• TASK DETAILS: Would you repeat the data below exactly, taking out the images?

Segment Start: EXTRACTED RECORDS

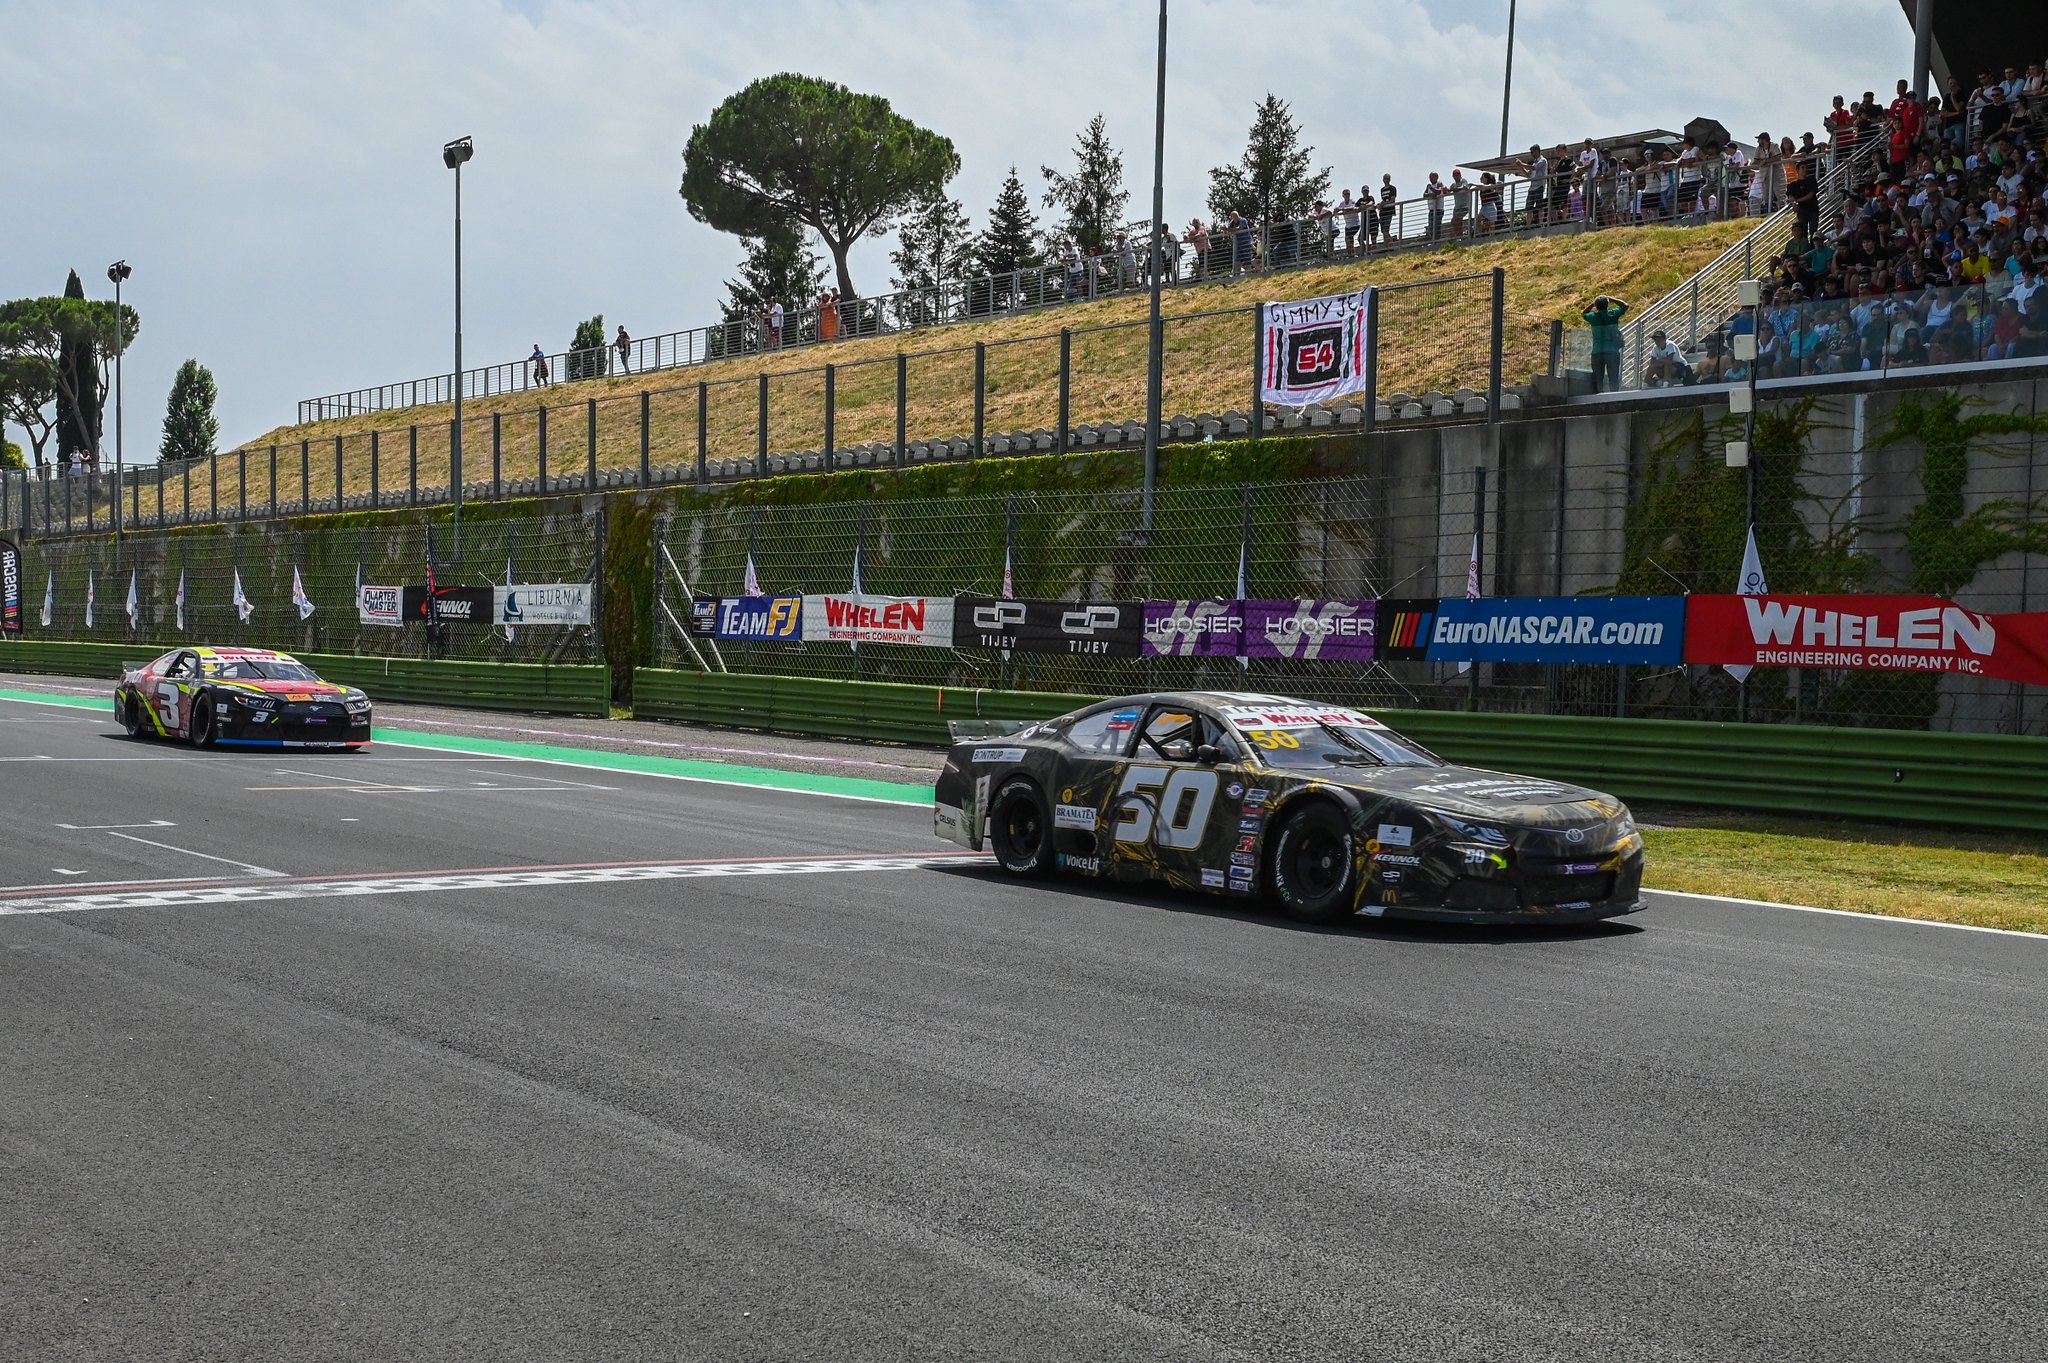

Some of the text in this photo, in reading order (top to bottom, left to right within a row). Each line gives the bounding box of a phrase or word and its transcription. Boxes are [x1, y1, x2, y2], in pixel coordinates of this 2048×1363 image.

[1296, 339, 1335, 373] 54
[364, 589, 396, 605] QUARTER
[527, 589, 583, 606] LIBURNIA
[368, 600, 397, 612] MASTER
[435, 600, 471, 614] ENNOL
[824, 596, 925, 632] WHELEN
[1144, 616, 1243, 633] HOOSIER
[1265, 616, 1375, 636] HOOSIER
[1433, 615, 1664, 645] EuroNASCAR.com
[1743, 597, 1997, 657] WHELEN
[829, 630, 923, 644] ENGINEERING COMPANY INC.
[980, 634, 1017, 648] TIJEY
[1069, 640, 1109, 654] TIJEY
[1756, 650, 1984, 674] ENGINEERING COMPANY INC.
[158, 682, 180, 729] 3
[252, 711, 269, 722] 3
[1247, 730, 1300, 750] 50
[1114, 765, 1220, 850] 50
[1374, 853, 1421, 864] KENNOL
[1464, 848, 1486, 864] 50

Segment End: EXTRACTED RECORDS

• EXERCISE SOLUTION:
Some of the text in this photo, in reading order (top to bottom, left to right within a row). Each line gives the bounding box of a phrase or word and its transcription. Boxes are [x1, y1, x2, y2], in pixel coordinates of this 2048×1363 image.

[1296, 339, 1335, 373] 54
[364, 589, 396, 605] QUARTER
[527, 589, 583, 606] LIBURNIA
[368, 600, 397, 612] MASTER
[435, 600, 471, 614] ENNOL
[824, 596, 925, 632] WHELEN
[1144, 616, 1243, 633] HOOSIER
[1265, 616, 1375, 636] HOOSIER
[1433, 615, 1664, 645] EuroNASCAR.com
[1743, 597, 1997, 657] WHELEN
[829, 630, 923, 644] ENGINEERING COMPANY INC.
[980, 634, 1017, 648] TIJEY
[1069, 640, 1109, 654] TIJEY
[1756, 650, 1984, 674] ENGINEERING COMPANY INC.
[158, 682, 180, 729] 3
[252, 711, 269, 722] 3
[1247, 730, 1300, 750] 50
[1114, 765, 1220, 850] 50
[1374, 853, 1421, 864] KENNOL
[1464, 848, 1486, 864] 50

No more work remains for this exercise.